A system for sharing information about child protection plans is expected to be running in 11 pilot sites by April 2014.

The Child Protection Information Sharing system, developed by the Health and Social Care Information Centre, aims to flag up to NHS unscheduled care providers those children who are subject to a child protection plan.

The business case has now been approved at Cabinet and Treasury level to implement the national system.

Local authorities will upload information on children subject to a child protection plan (including mothers where there is an unborn child affected) every 24 hours.

The system will then flag up the existence of plans and the team responsible to unscheduled care providers such as out of hours GPs, A&E departments and walk in centres.
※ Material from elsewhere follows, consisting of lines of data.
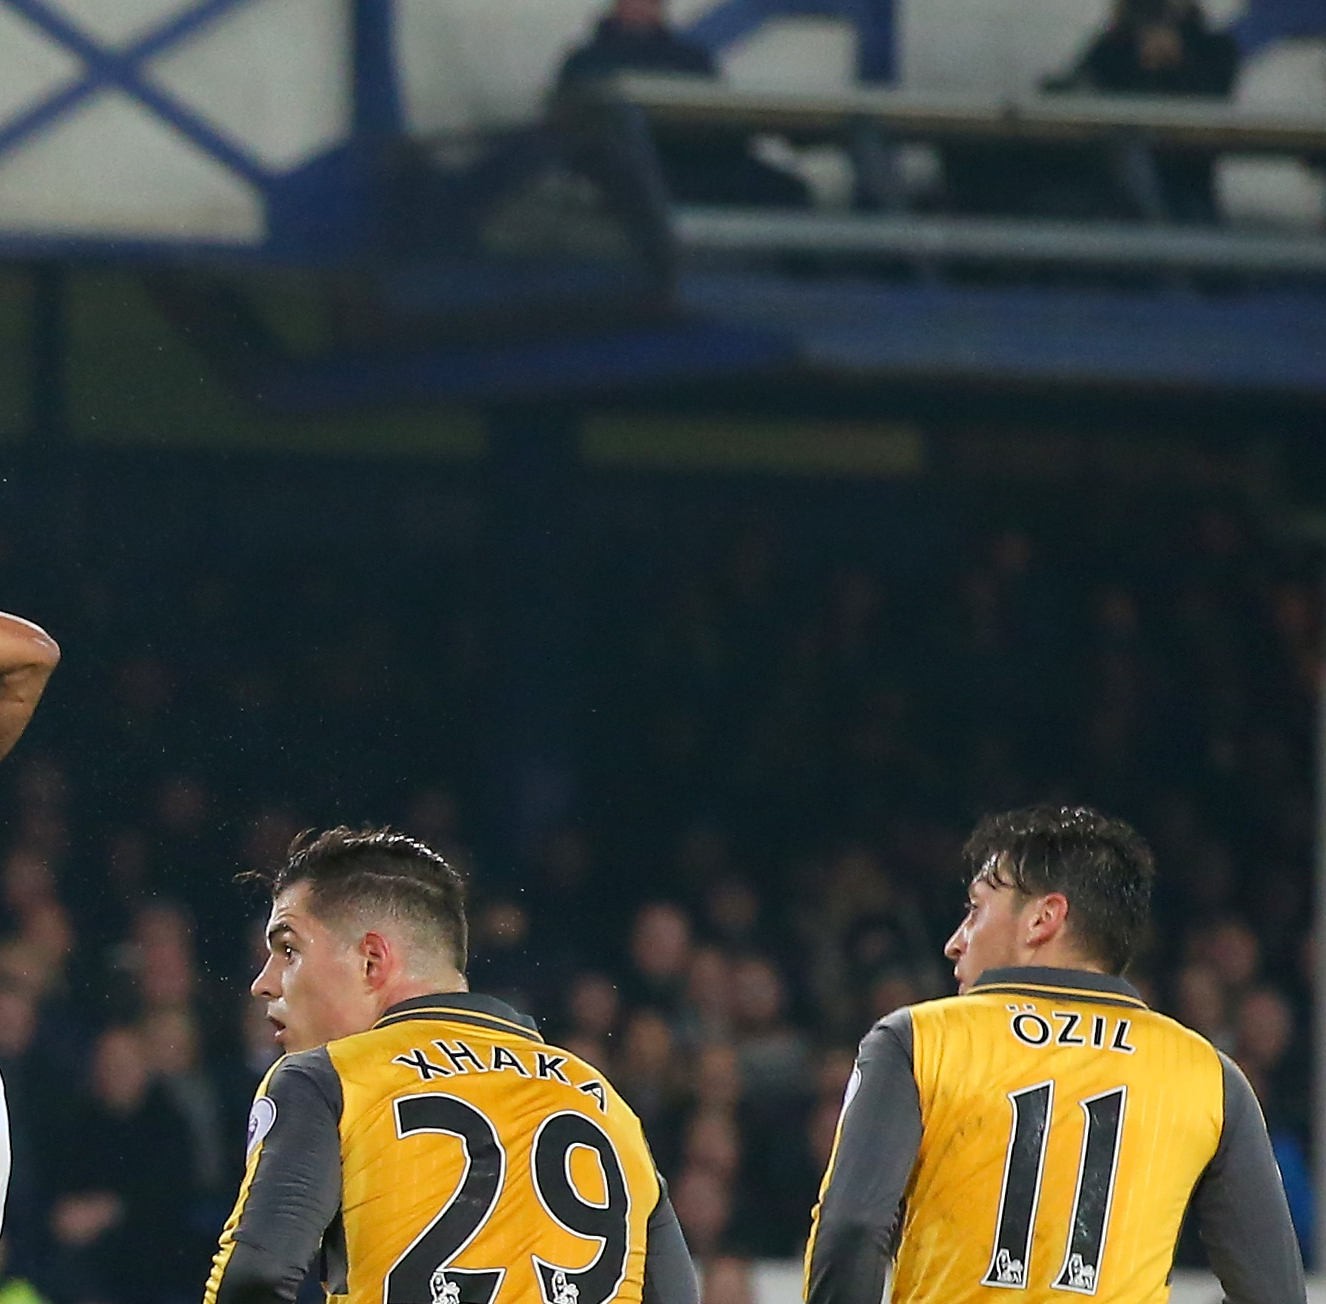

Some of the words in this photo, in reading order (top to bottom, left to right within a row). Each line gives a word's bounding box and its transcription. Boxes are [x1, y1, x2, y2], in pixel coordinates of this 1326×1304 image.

[1005, 1003, 1137, 1054] ÖZIL
[392, 1039, 609, 1115] XHAKA
[980, 1080, 1127, 1296] 11
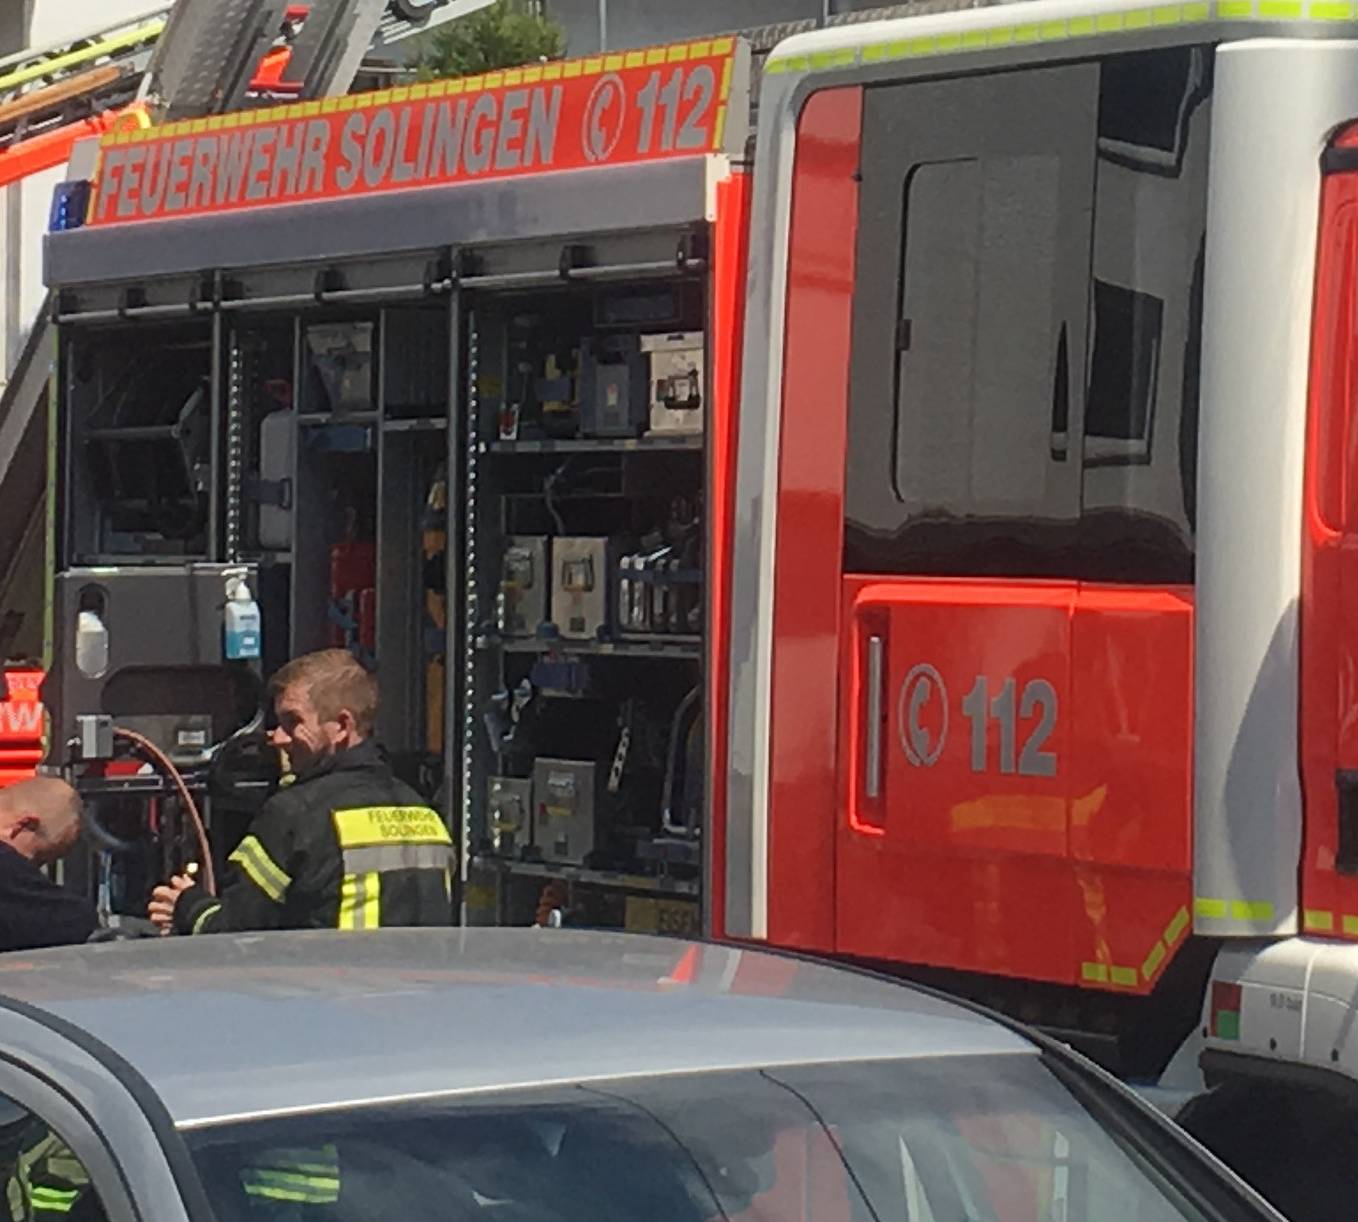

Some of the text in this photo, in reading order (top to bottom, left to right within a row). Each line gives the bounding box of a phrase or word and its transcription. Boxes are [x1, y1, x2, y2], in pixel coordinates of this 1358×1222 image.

[97, 65, 716, 219] FEUERWEHR SOLINGEN 112
[961, 674, 1058, 777] 112
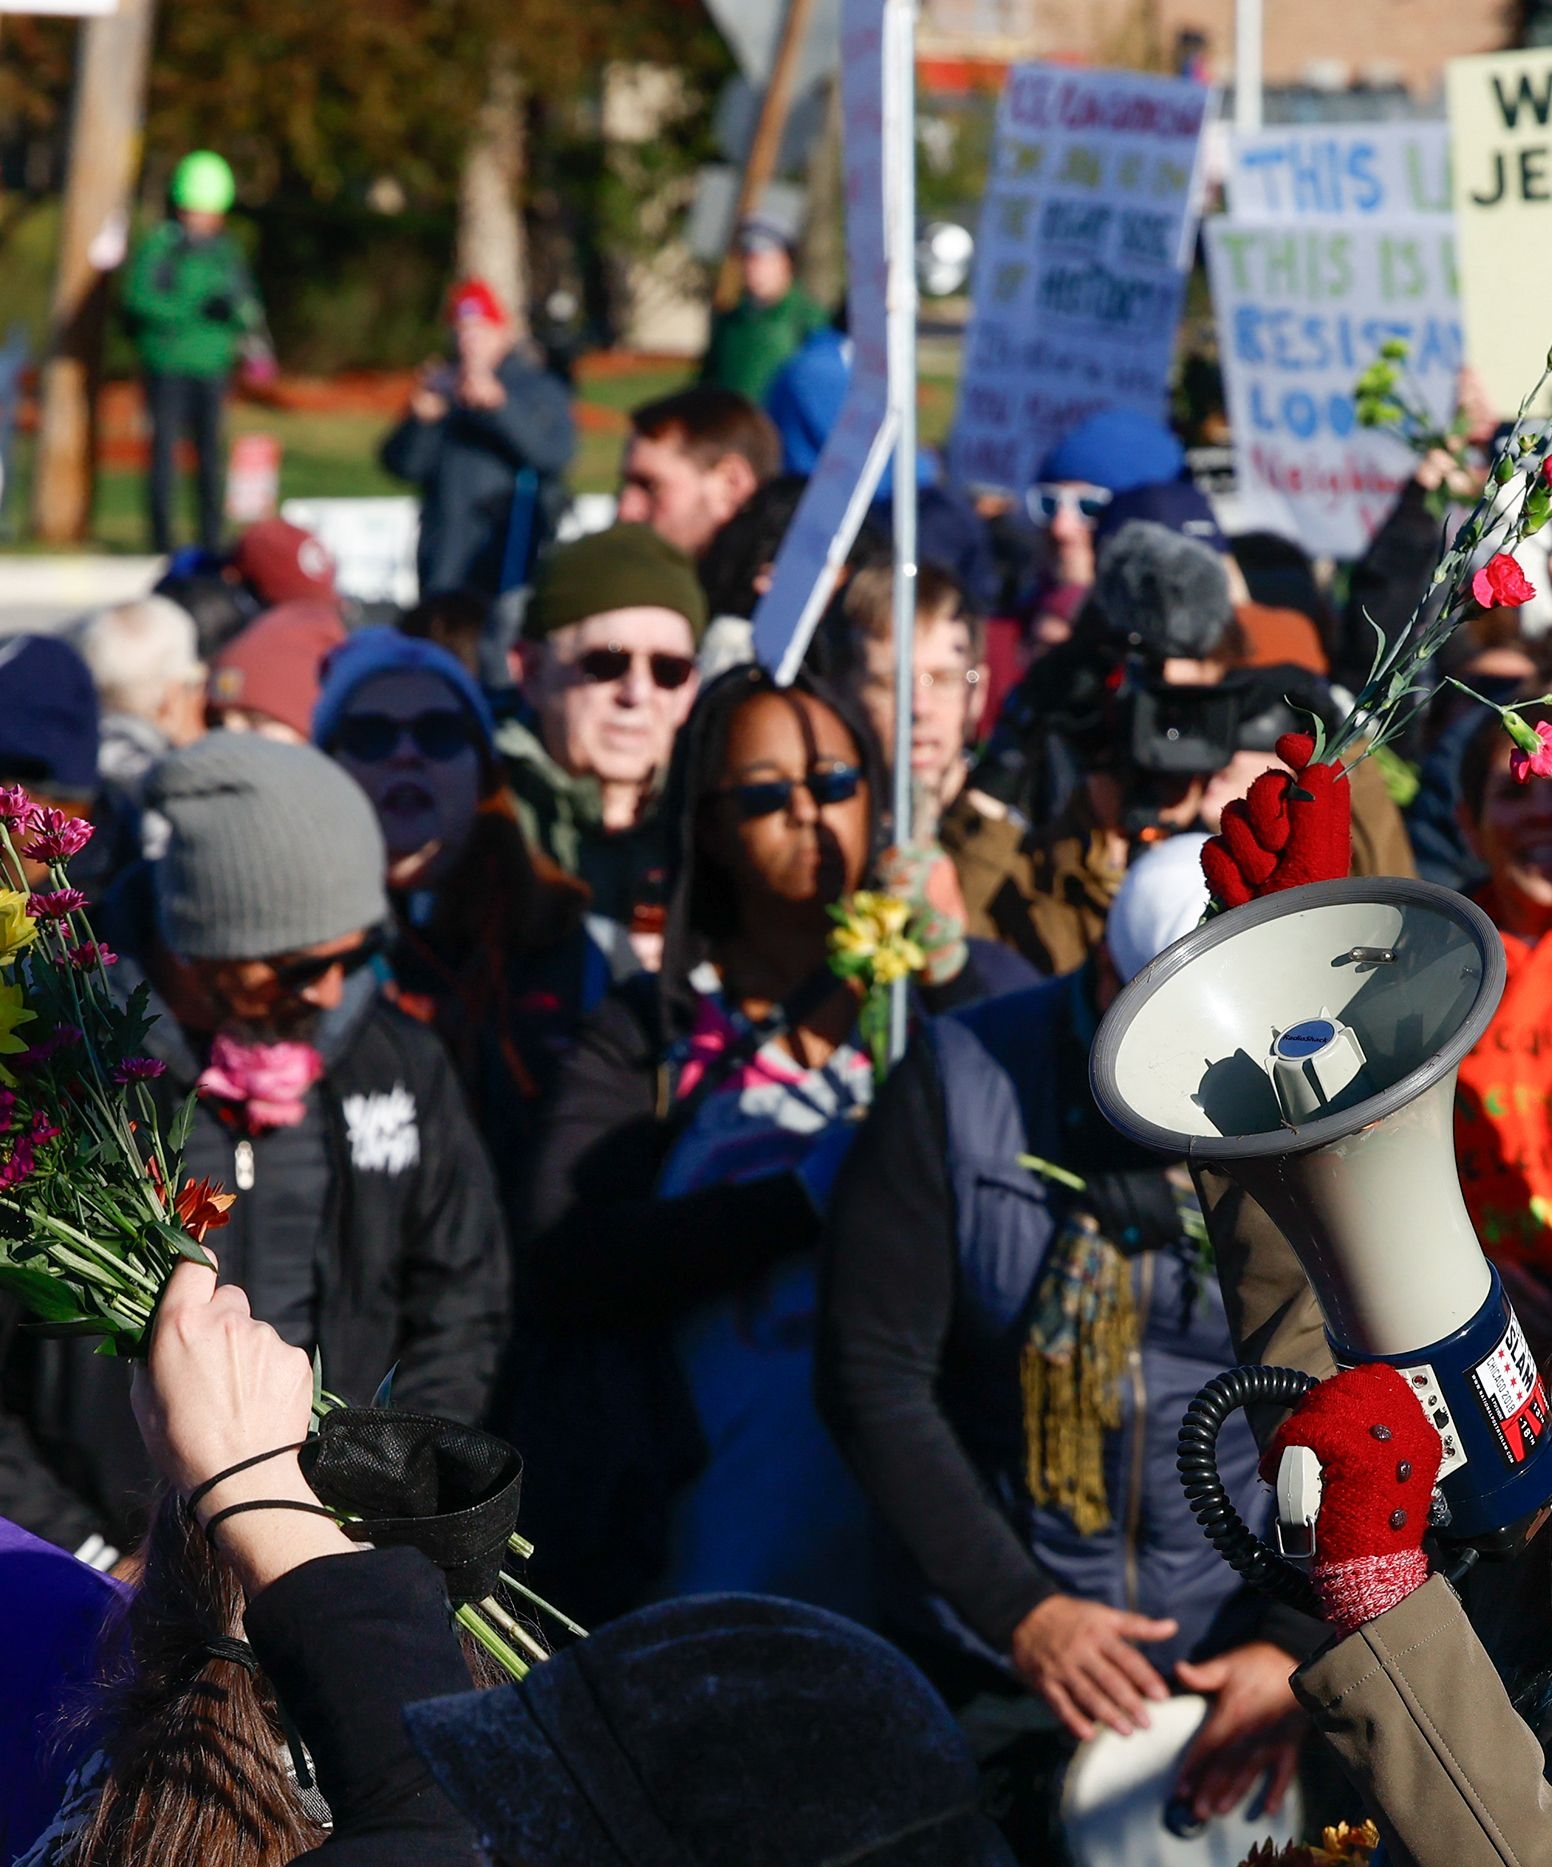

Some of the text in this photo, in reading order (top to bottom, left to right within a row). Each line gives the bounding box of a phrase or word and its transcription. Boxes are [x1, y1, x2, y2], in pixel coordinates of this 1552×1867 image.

[1241, 139, 1384, 214] THIS
[1219, 232, 1353, 298] THIS
[1377, 235, 1427, 300] IS
[1282, 1034, 1328, 1044] RadioShack
[1486, 1356, 1516, 1414] CHICAGO 2018
[1505, 1324, 1535, 1393] SLAM
Clinicians will then contact the team for more information.

Richard Griffiths, senior policy officer for vulnerable children at the Department of Health, told EHI Live that this was a “simple system” designed for a very specific purpose – to support information sharing and communication where abuse had already been identified.

“It will save children’s lives,” he said. For the first time, it will allow local authorities to track the use of healthcare facilities even when children are taken out of their area, he added.

Nick Schlanker, system architect, said there would be a range of integration methods to allow NHS users to view the system, including from within the Summary Care Record application, in an existing patient administration system, and via a web service.

“We are not trying to be prescriptive about how your PAS uses CP-IS,” he said. “We are trying to be very facilitative”

Eleven local authorities and 12 NHS organisations will start a pilot next spring; a second wave of 72 local authorities and 174 NHS organisations will follow later next year with roll out to 80% of local authorities by 2015.